Graphene oxide doped with nitrogen and sulfur was decorated with gold nanoparticles (AuNP-SN-GO) and applied as a substrate to modify a glassy carbon electrode (GCE). An aptamer against the model protein thrombin was self-assembled on the modified GCE which then was exposed to thrombin. Following aptamer-thrombin interaction, biotin-labeled DNA and aptamer 2 are immobilized on another AuNP-SN-GO hybrid and then are reacted with the thrombin/AuNP-SN-GO/GCE to form a sandwich. The enzyme label horseradish peroxidase (HRP) was then attached to the electrode by biotin–avidin interaction. HRP catalyzes the oxidation of hydroquinone by hydrogen peroxide. This generates a strong electrochemical signal that increases linearly with the logarithm of thrombin concentration in the range from 1.0 × 10−13 M to 1.0 × 10−8 M with a detection limit of 2.5 × 10−14 M (S/N = 3).
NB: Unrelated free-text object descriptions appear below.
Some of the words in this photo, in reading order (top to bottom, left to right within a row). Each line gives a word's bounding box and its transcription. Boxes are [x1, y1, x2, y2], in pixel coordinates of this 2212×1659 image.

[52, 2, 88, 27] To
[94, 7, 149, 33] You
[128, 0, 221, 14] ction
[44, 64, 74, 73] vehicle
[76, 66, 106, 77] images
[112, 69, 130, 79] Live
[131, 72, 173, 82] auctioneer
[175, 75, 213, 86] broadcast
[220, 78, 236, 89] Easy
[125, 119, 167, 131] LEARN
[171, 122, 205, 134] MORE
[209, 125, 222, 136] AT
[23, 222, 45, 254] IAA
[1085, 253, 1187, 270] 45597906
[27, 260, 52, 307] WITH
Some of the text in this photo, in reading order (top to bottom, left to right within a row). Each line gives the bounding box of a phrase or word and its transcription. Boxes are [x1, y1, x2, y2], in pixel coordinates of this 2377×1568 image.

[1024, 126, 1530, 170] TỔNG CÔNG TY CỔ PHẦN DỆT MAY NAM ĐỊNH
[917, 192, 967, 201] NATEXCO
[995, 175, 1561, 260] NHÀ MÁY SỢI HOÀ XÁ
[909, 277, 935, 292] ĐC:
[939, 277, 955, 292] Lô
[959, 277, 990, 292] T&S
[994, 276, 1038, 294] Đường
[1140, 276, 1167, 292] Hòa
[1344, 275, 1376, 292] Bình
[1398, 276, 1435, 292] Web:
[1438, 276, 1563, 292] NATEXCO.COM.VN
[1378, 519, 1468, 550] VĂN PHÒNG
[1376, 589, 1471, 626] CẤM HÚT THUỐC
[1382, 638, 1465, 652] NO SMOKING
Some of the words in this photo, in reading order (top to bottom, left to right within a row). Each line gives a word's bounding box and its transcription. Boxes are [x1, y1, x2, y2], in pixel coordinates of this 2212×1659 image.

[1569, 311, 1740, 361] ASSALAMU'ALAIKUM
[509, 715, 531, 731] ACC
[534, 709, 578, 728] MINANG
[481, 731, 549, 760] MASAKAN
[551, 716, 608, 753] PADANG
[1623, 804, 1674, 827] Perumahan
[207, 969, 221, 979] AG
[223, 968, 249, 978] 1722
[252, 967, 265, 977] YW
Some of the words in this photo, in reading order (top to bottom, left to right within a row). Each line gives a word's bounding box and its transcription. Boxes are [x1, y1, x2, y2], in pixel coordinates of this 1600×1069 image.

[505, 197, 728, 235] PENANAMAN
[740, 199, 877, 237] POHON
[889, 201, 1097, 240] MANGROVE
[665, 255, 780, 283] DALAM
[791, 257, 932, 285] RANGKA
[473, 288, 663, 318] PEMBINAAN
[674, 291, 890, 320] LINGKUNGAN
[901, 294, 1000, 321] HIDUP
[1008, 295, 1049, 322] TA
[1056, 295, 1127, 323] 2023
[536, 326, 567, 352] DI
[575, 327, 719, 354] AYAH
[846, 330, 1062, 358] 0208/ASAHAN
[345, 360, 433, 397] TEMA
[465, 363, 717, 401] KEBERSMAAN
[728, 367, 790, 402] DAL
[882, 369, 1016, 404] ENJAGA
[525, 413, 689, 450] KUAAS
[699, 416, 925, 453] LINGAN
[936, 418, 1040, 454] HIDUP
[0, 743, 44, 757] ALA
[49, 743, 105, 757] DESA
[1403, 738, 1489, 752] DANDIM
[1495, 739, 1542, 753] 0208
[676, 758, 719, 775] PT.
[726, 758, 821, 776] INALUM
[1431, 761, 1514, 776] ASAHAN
The assay is highly selective. It provides a promising strategy for signal amplification. In our perception, it has a large potential for sensitive and selective detection of analytes for which appropriate aptamers are available.

A sandwich-type electrochemical aptasensor is fabricated for detection of thrombin using a glassy carbon electrode modified with nitrogen- and sulfur-doped graphene oxide and gold nanoparticles.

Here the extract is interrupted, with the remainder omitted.